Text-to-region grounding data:

========================================================================

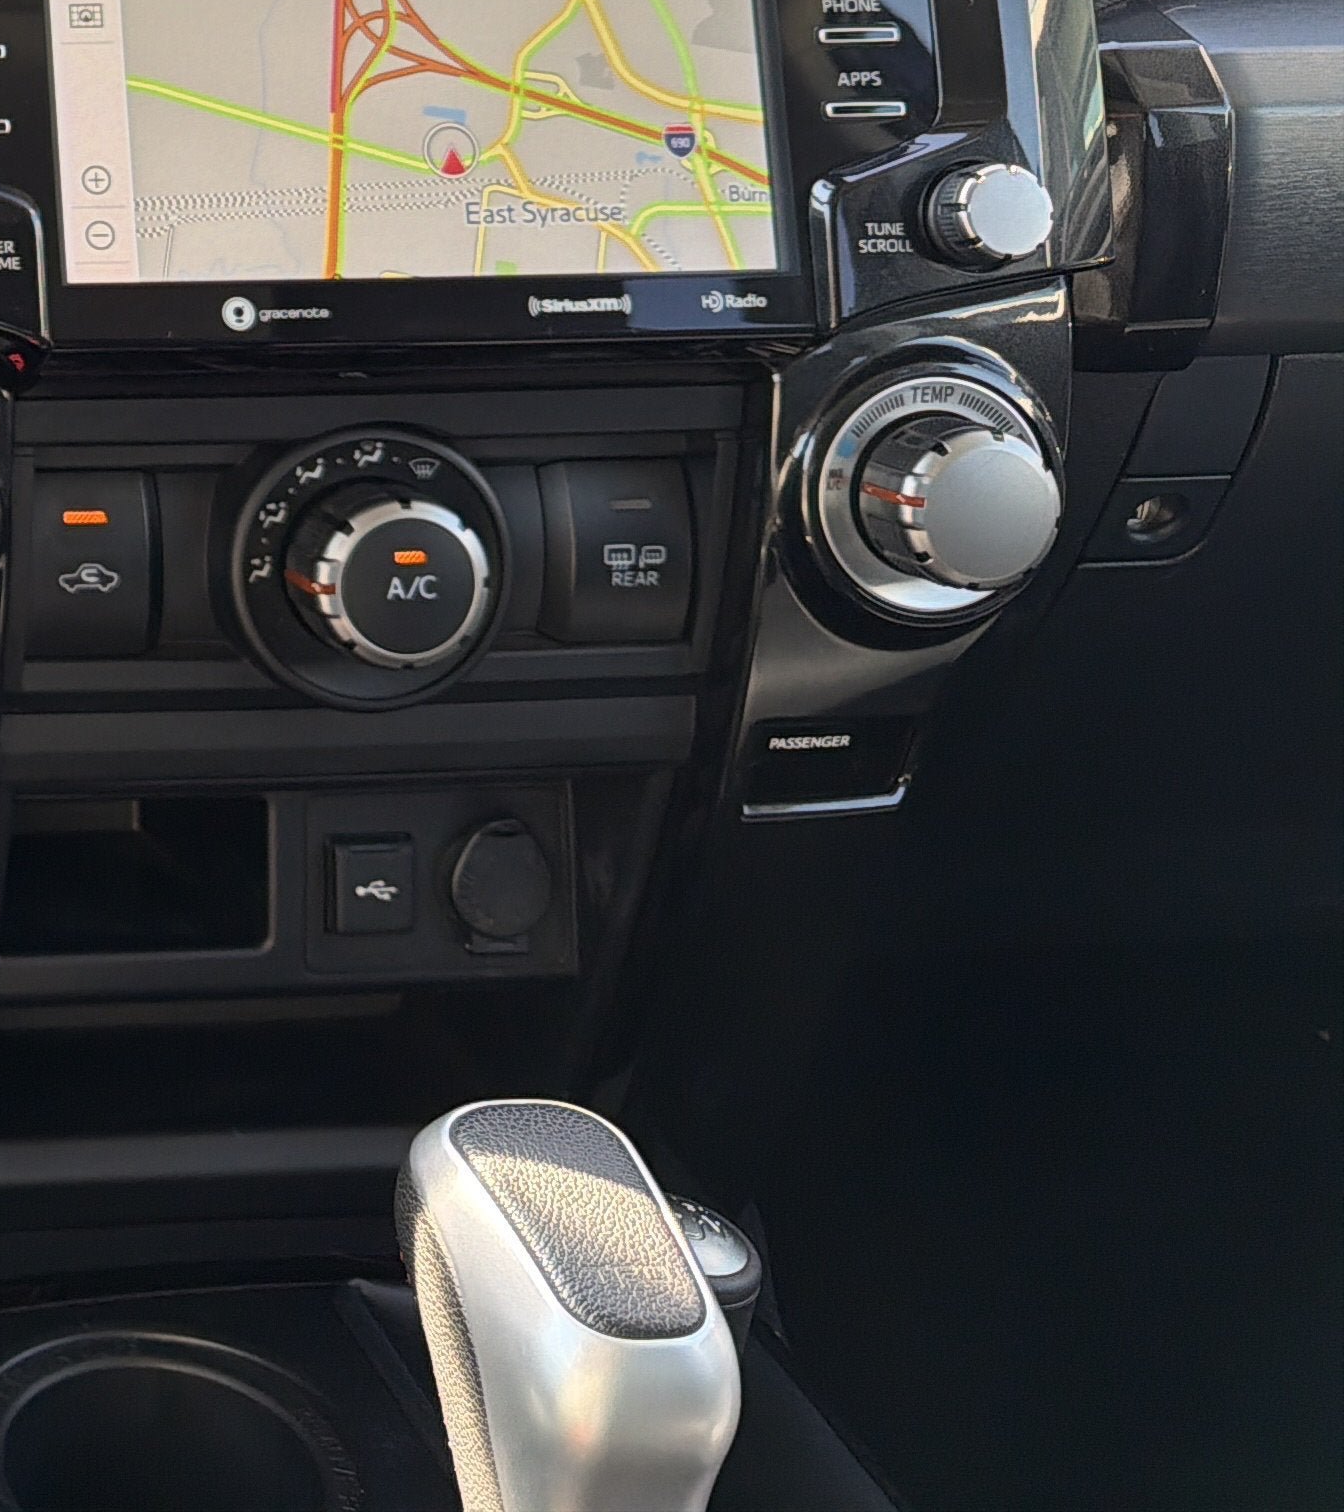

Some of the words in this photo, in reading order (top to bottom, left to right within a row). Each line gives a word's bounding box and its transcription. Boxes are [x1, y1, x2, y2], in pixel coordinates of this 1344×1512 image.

[837, 71, 882, 86] APPS
[465, 201, 515, 225] East
[864, 222, 905, 238] TUNE
[858, 238, 914, 255] SCROLL
[725, 292, 768, 308] Radio
[258, 306, 331, 321] gracenote
[911, 385, 955, 404] TEMP
[612, 571, 659, 586] REAR
[387, 576, 438, 600] A/C
[768, 735, 851, 750] PASSENGER
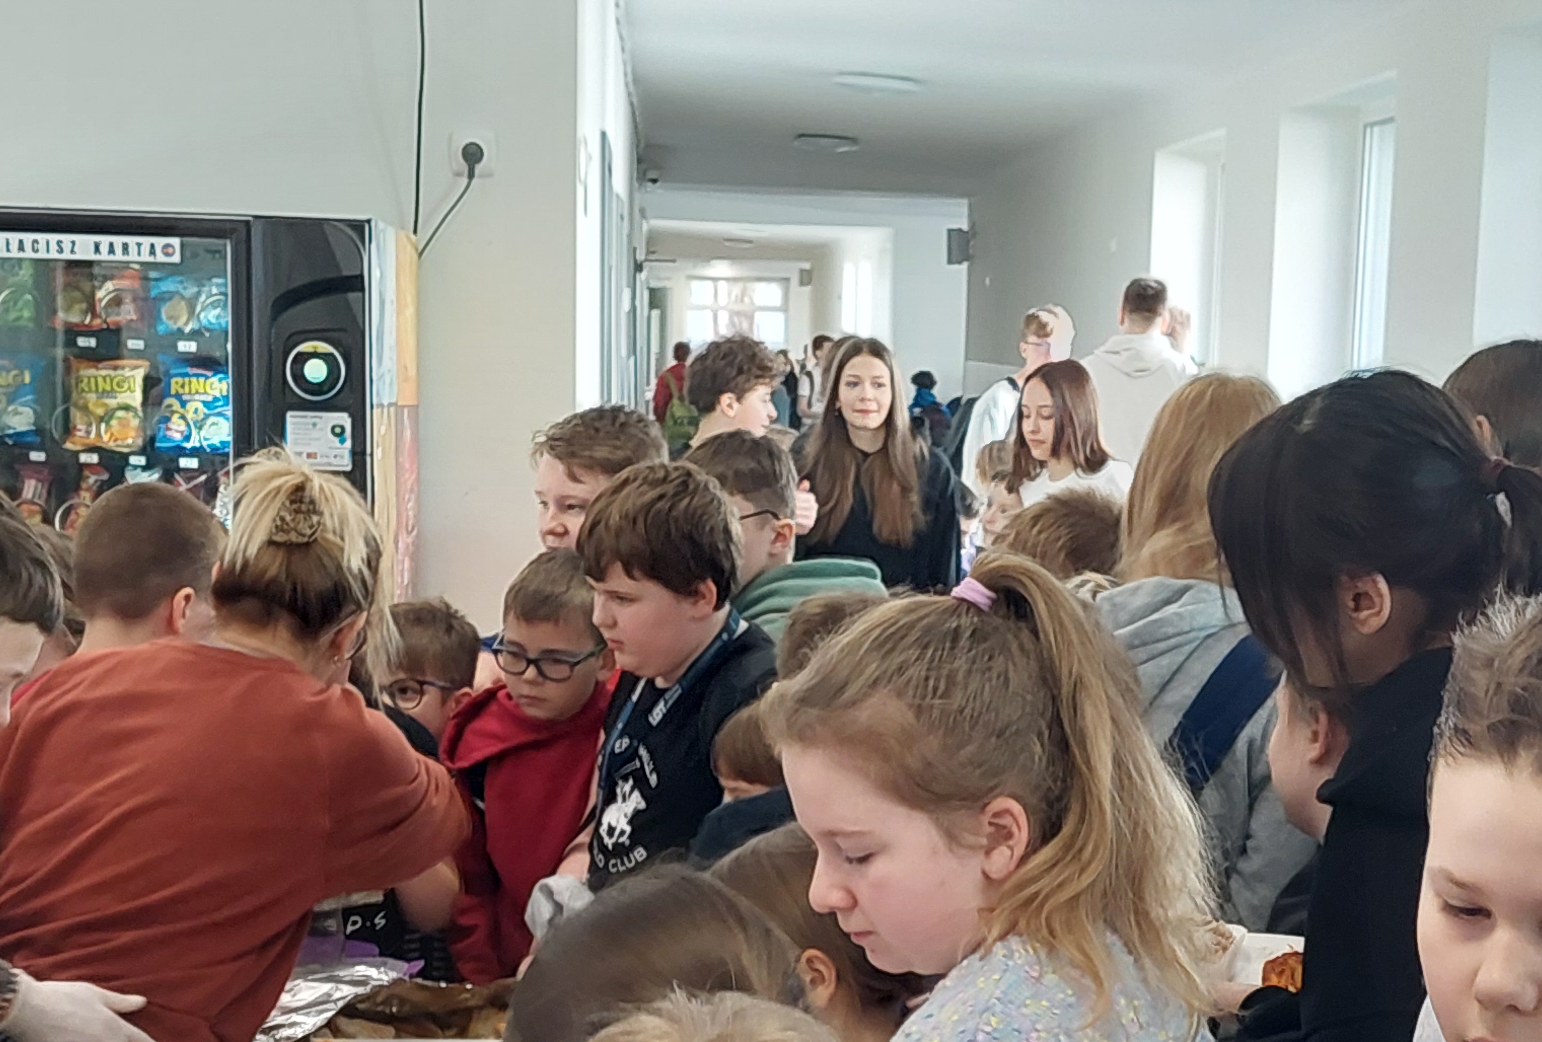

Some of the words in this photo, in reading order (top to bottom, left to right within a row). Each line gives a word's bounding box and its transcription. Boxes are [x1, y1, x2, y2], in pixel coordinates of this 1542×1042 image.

[92, 240, 158, 260] KARTĄ
[76, 374, 136, 394] RINGI
[608, 845, 647, 874] CLUB
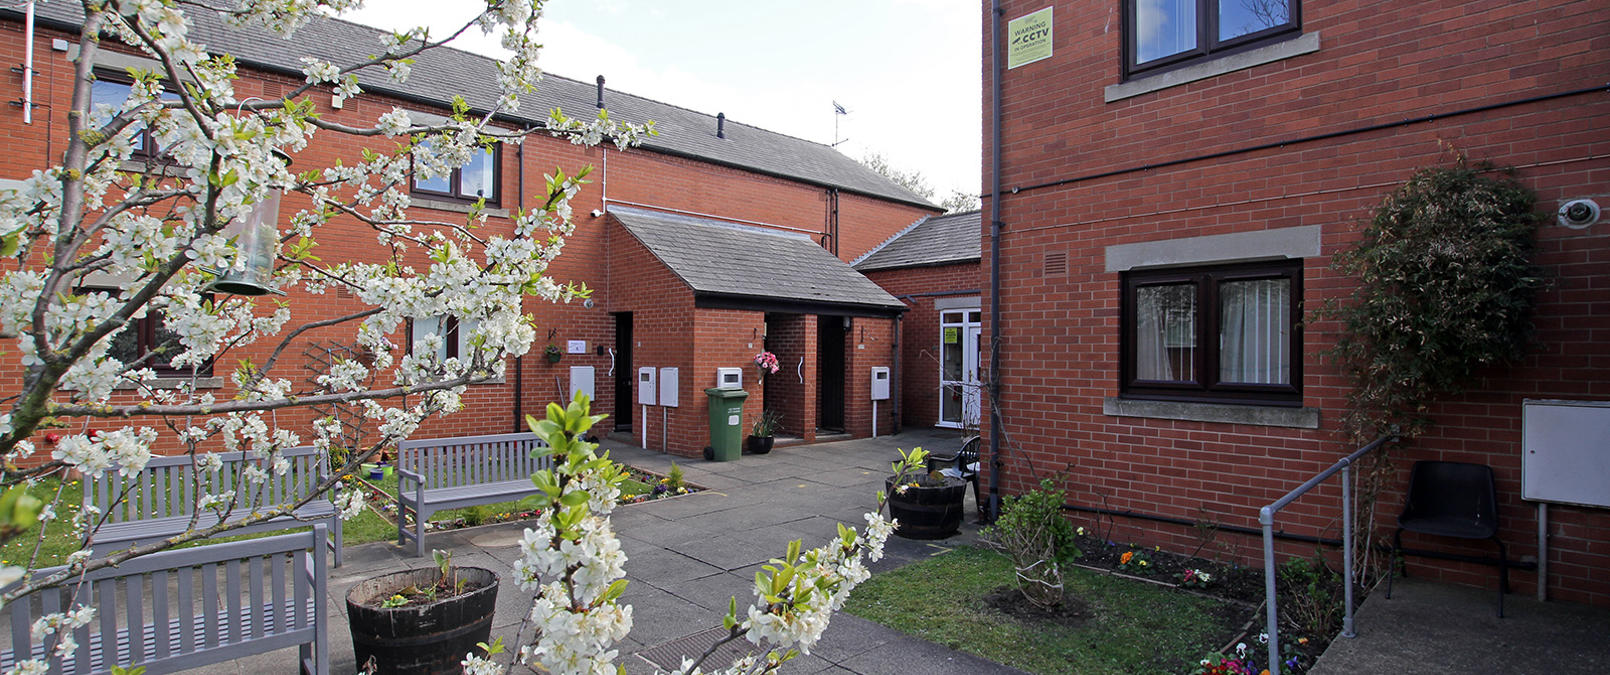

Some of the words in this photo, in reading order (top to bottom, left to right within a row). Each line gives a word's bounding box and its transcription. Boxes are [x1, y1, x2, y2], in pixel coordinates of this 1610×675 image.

[1015, 21, 1046, 36] WARNING
[1022, 28, 1049, 43] CCTV
[1020, 39, 1046, 50] OPERATION

========================================================================

Assigned task |
With the pictures left out, return each entry exactly as written.

Answer section |
Some of the words in this photo, in reading order (top to bottom, left to right within a row). Each line gives a word's bounding box and its transcription. Boxes are [x1, y1, x2, y2], in pixel coordinates of this 1344×1512 image.

[837, 71, 882, 86] APPS
[465, 201, 515, 225] East
[864, 222, 905, 238] TUNE
[858, 238, 914, 255] SCROLL
[725, 292, 768, 308] Radio
[258, 306, 331, 321] gracenote
[911, 385, 955, 404] TEMP
[612, 571, 659, 586] REAR
[387, 576, 438, 600] A/C
[768, 735, 851, 750] PASSENGER

Some of the words in this photo, in reading order (top to bottom, left to right within a row). Each line gives a word's bounding box and its transcription. Boxes are [x1, y1, x2, y2], in pixel coordinates of this 1542×1042 image.

[92, 240, 158, 260] KARTĄ
[76, 374, 136, 394] RINGI
[608, 845, 647, 874] CLUB

Some of the words in this photo, in reading order (top to bottom, left to right within a row). Each line gives a word's bounding box and its transcription. Boxes are [x1, y1, x2, y2], in pixel coordinates of this 1610×675 image.

[1015, 21, 1046, 36] WARNING
[1022, 28, 1049, 43] CCTV
[1020, 39, 1046, 50] OPERATION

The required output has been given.